Transcribe the listing exactly as written. Leave the images out.

*** RECORDS SHOWN ***

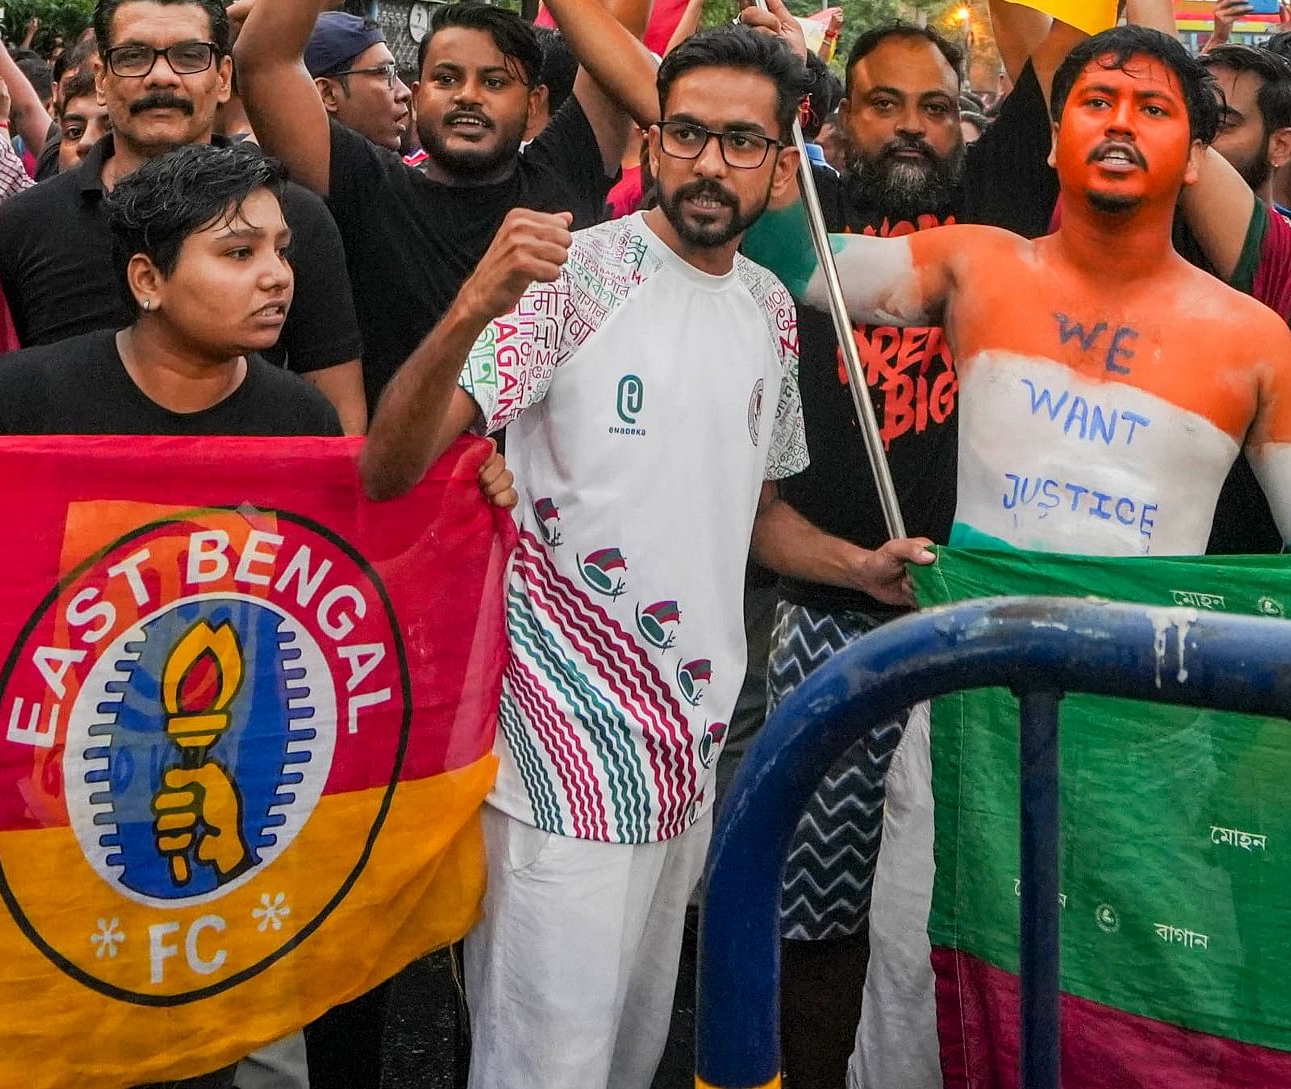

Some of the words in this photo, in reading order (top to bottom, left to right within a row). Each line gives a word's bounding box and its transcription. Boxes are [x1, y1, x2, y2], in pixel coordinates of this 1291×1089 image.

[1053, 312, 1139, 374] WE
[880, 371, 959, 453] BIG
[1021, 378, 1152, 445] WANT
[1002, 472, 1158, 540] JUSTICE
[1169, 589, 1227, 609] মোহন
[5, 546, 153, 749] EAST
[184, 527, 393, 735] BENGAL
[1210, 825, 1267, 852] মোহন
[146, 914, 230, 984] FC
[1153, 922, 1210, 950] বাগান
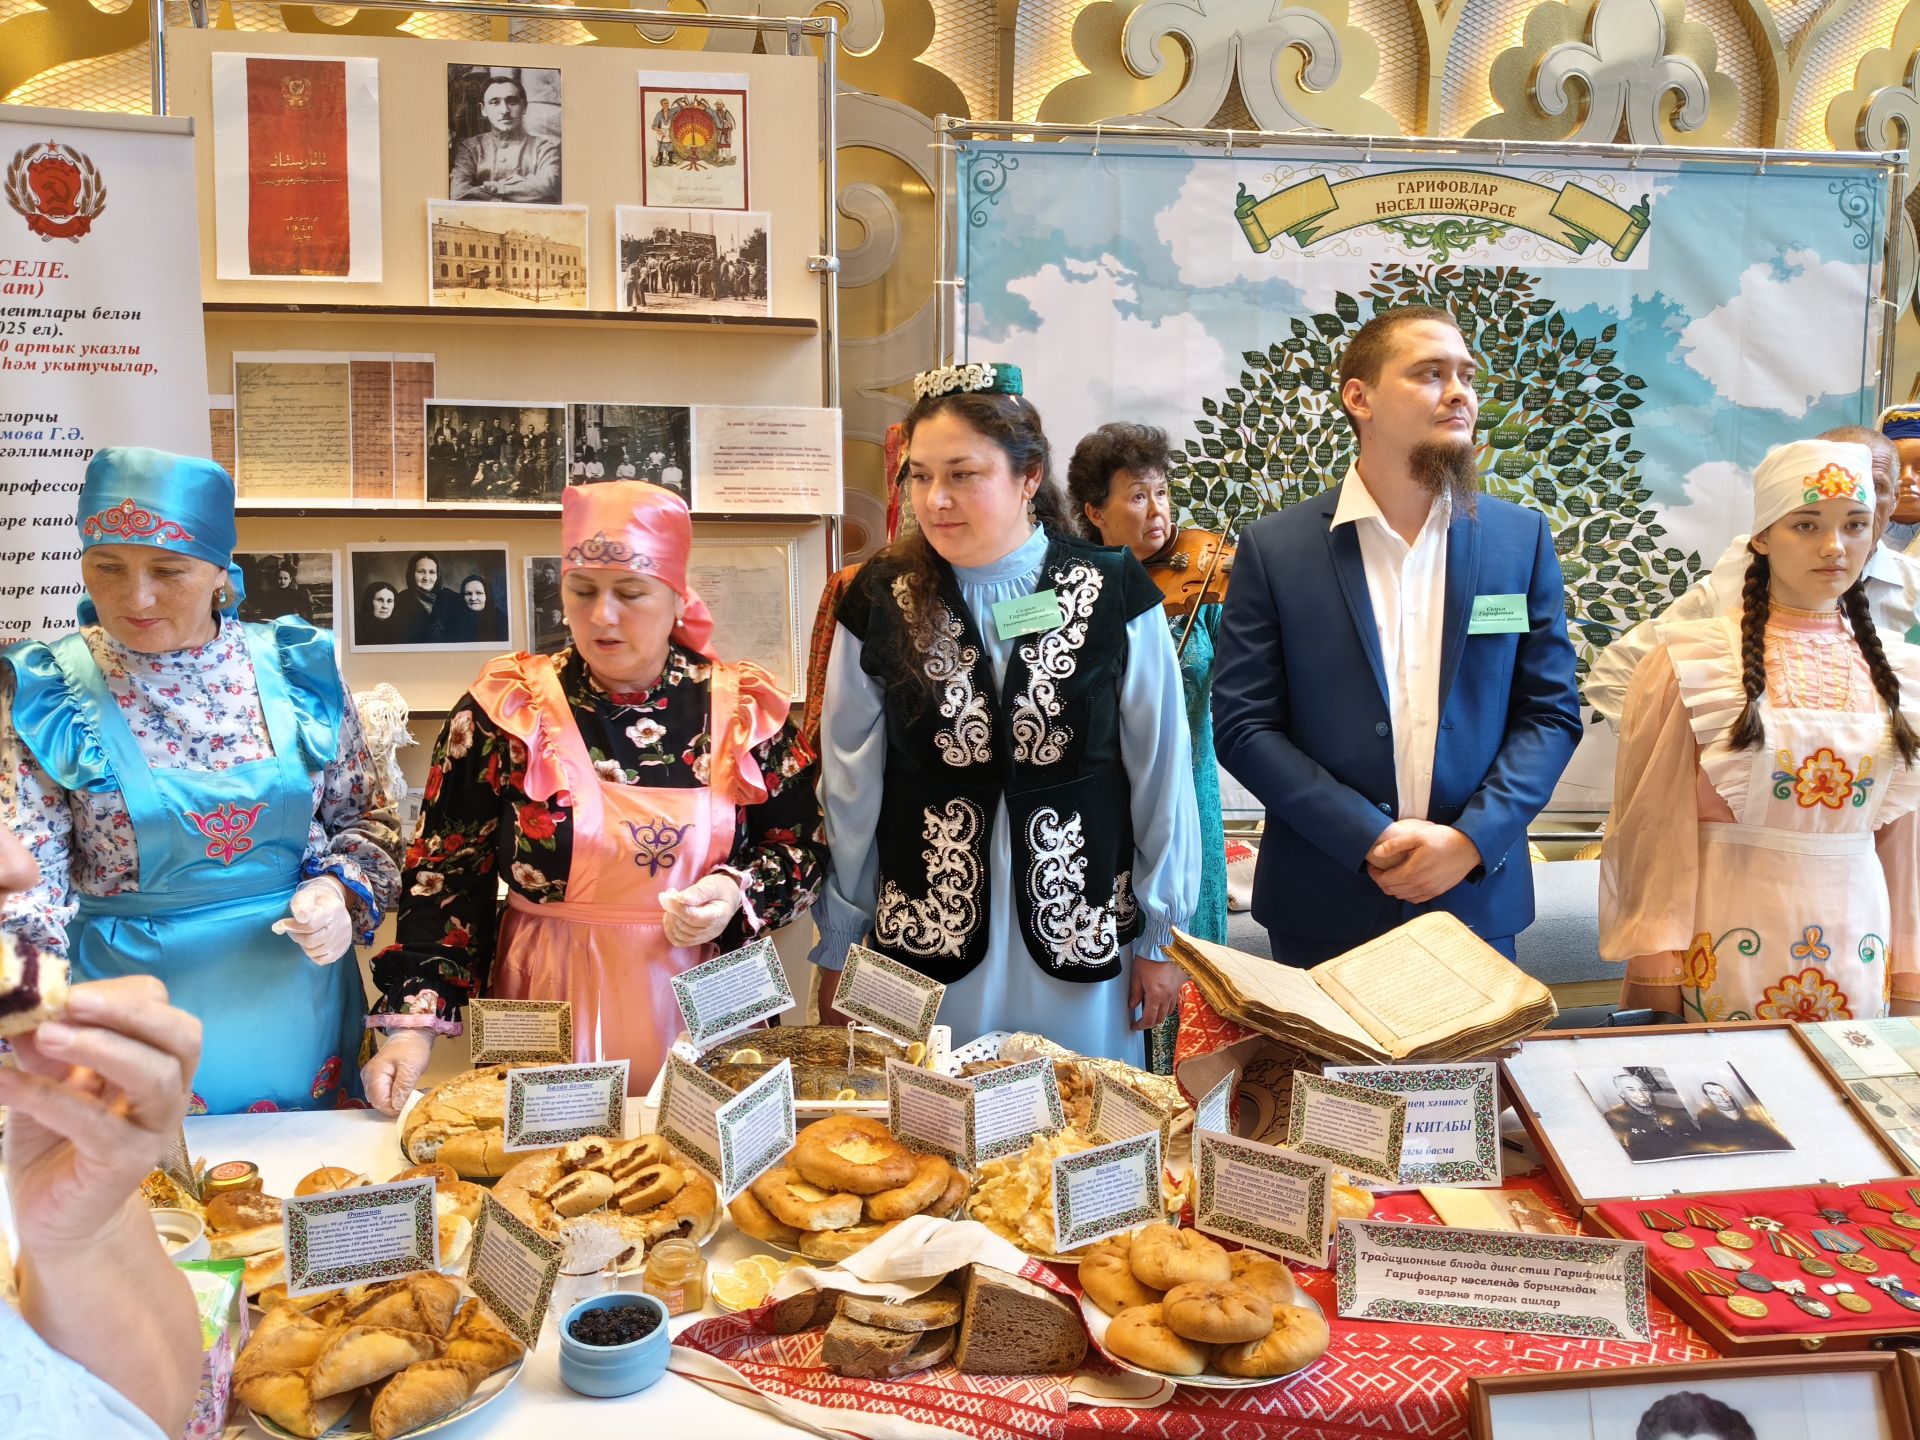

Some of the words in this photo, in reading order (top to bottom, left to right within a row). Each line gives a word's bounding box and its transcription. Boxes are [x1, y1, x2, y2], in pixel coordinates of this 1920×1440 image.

*** End of RECORDS SHOWN ***

### ANSWER BOX
Some of the words in this photo, in reading order (top to bottom, left to right within a row). Each line gives a word's bounding box and its transcription. Boxes are [x1, y1, x2, y2], in pixel coordinates of this 1291×1089 image.

[1053, 312, 1139, 374] WE
[880, 371, 959, 453] BIG
[1021, 378, 1152, 445] WANT
[1002, 472, 1158, 540] JUSTICE
[1169, 589, 1227, 609] মোহন
[5, 546, 153, 749] EAST
[184, 527, 393, 735] BENGAL
[1210, 825, 1267, 852] মোহন
[146, 914, 230, 984] FC
[1153, 922, 1210, 950] বাগান

Some of the words in this photo, in reading order (top to bottom, left to right within a row). Each line gives a word's bounding box and its transcription. Boxes are [x1, y1, x2, y2], in pixel coordinates of this 1920×1440 image.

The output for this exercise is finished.